Another milestone! Today was the last of my daily visits to the medical center Infusion Clinic. Now you may have noticed that I laughingly referred to this place as the “Confusion Clinic”–but it’s far from that. If anything, the Confusion Clinic is just the opposite, and it’s yet another pocket of really caring, competent people making life better for the rest of us.
At Munson, the Infusion Clinic is a separate facility where people are given (you guessed it!) infusions. The interesting part is why patients are there. Some, like me, are being given treatments of antibiotics. Some are receiving chemotherapy. Still others need a quick blood transfusion without spending the night at the hospital.
And then there are the children. Once a month on Fridays parents and children flock to the clinic for therapy, a partnering program with DeVos Children’s Hospital in Grand Rapids. That’s why, when you enter the Clinic, the first thing you see are boxes of toys and children’s books. There’s a a large, blue-feathered dream catcher in the corner, fluttering with every draft of unseen air. There’s a huge TV, an unfinished jigsaw puzzle on the table, and a table of magazines and books.
In the waiting room, patients are knitting, reading, checking materials in their briefcases, and watching Regis and Whoeverhisnewpartner is. A few sit staring dully at nothing. And if it’s a Children’s Friday, the activity level (and noise level) is pretty high.
Behind the Waiting Room doors is the facility itself, which consists of a dozen lounge chairs, many positioned so that the occupant can look out the window to green grass and (at last!) fat robins and budding leaves. There’s coffee, juice, cold sodas and—at lunch time—boxed meals for those who must spend the day at the facility.

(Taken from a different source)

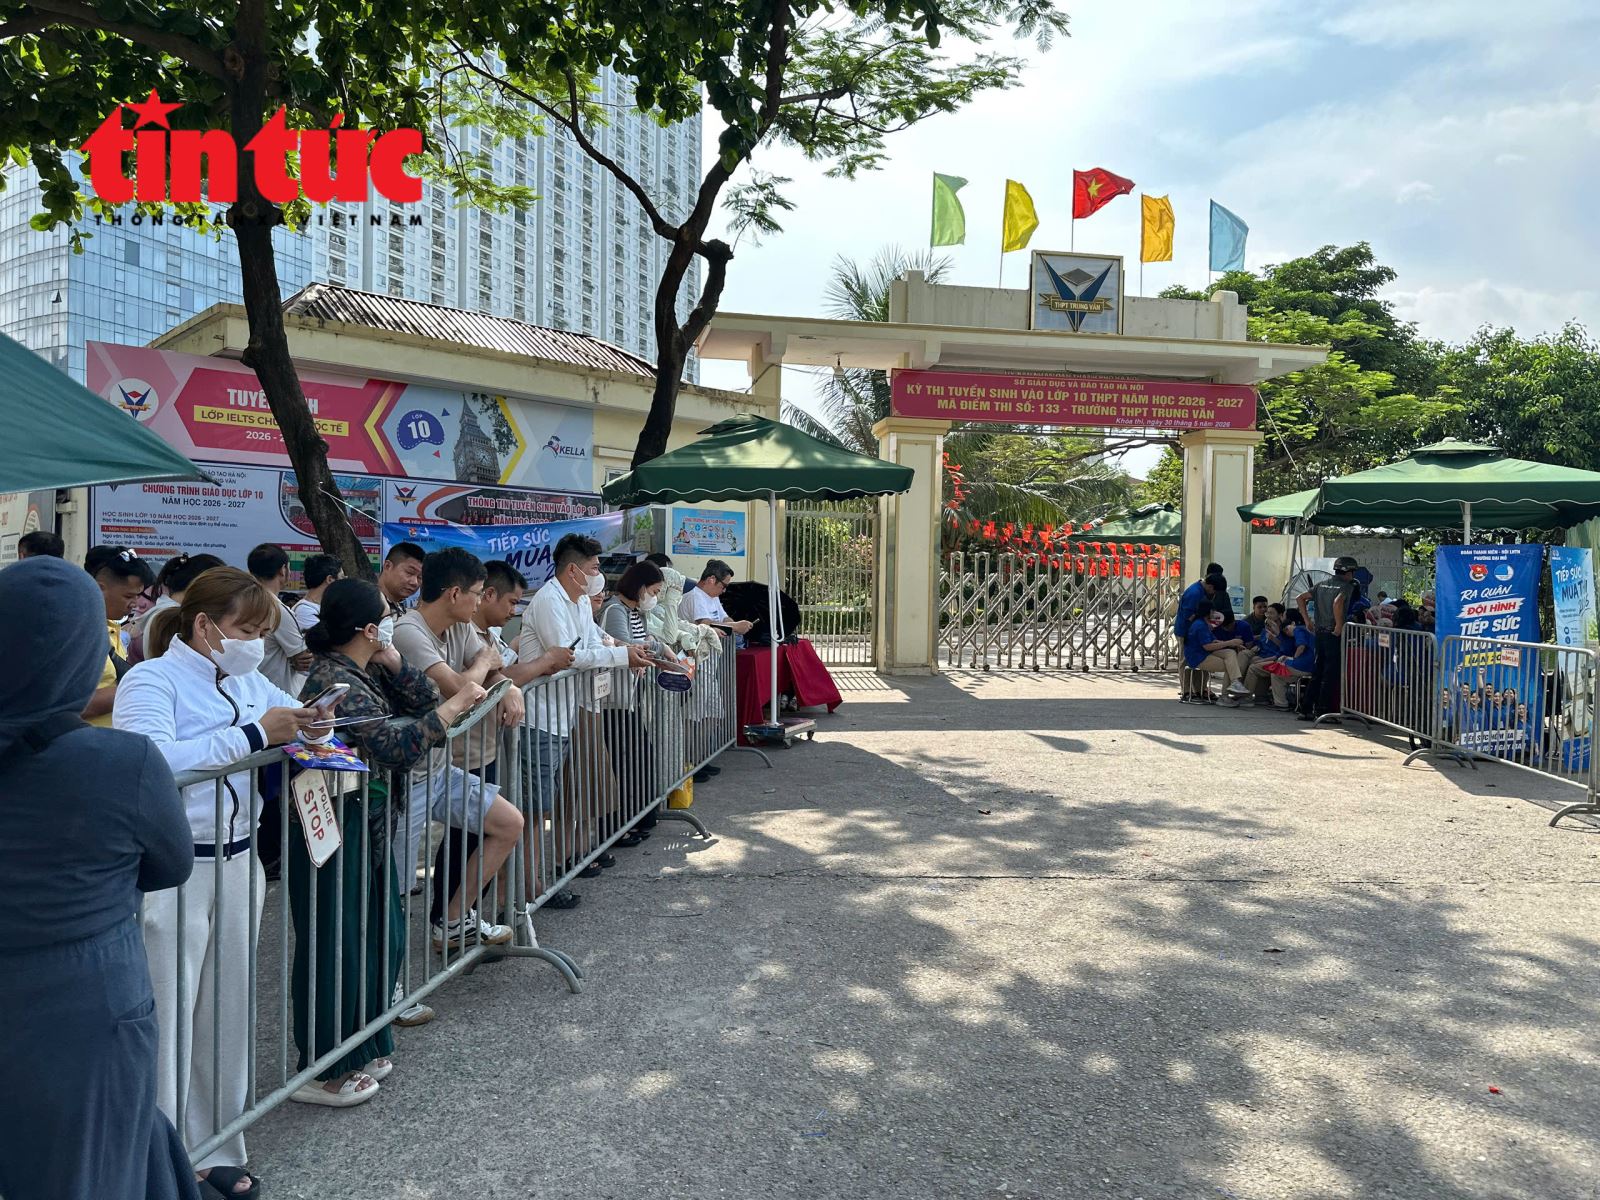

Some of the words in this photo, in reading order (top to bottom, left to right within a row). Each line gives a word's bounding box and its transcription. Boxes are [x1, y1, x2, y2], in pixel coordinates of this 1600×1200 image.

Because, you see, Infusion Clinics are serious business. I saw one of my former staff members here on Friday, looking bemusedly at all the children who were giggling and calling out to one another, even after they got tethered to the pump which delivered their important medications. Bill comes to the Clinic monthly to receive his chemotherapy, and the process takes him the whole day. He comes in with his laptop computer, several books, and his Ipod and headphones. It’s a day when he can catch up on work and be virtually inaccessible and relaxed.
I’ve been going to the clinic 7 days a week, usually the first thing in the morning (at 8 AM) for over 4 weeks now. I’ve really come to appreciate the service it provides, and even more—the staff. All through the last 6 months, I have discovered little pockets of committed caregivers, people who work in hospitals, nursing homes, physical therapy, and pharmacies. It’s a side of humanity I have come to appreciate, even cherish. In Eleuthera, they do what is called ‘pocket farming.’ On an island which is basically coral reef, there are little ‘pockets’ where soil and rainwater collect, and the enterprising islanders use these depressions to plant crops and fruit trees. Of course it may be inefficient farming as we Americans know it, but it is a way of producing much-needed food in these fertile and sheltered places.
So it is with the Infusion Clinic: in a hospital complex which is, by definition, pristine and sterile, there is this little oasis of warmth and comfort and friendly clutter. Today was my last day there: I go to surgery tomorrow (Tuesday, April 29) and my time on antibiotics will be limited. I will miss the Ladies of Confusion.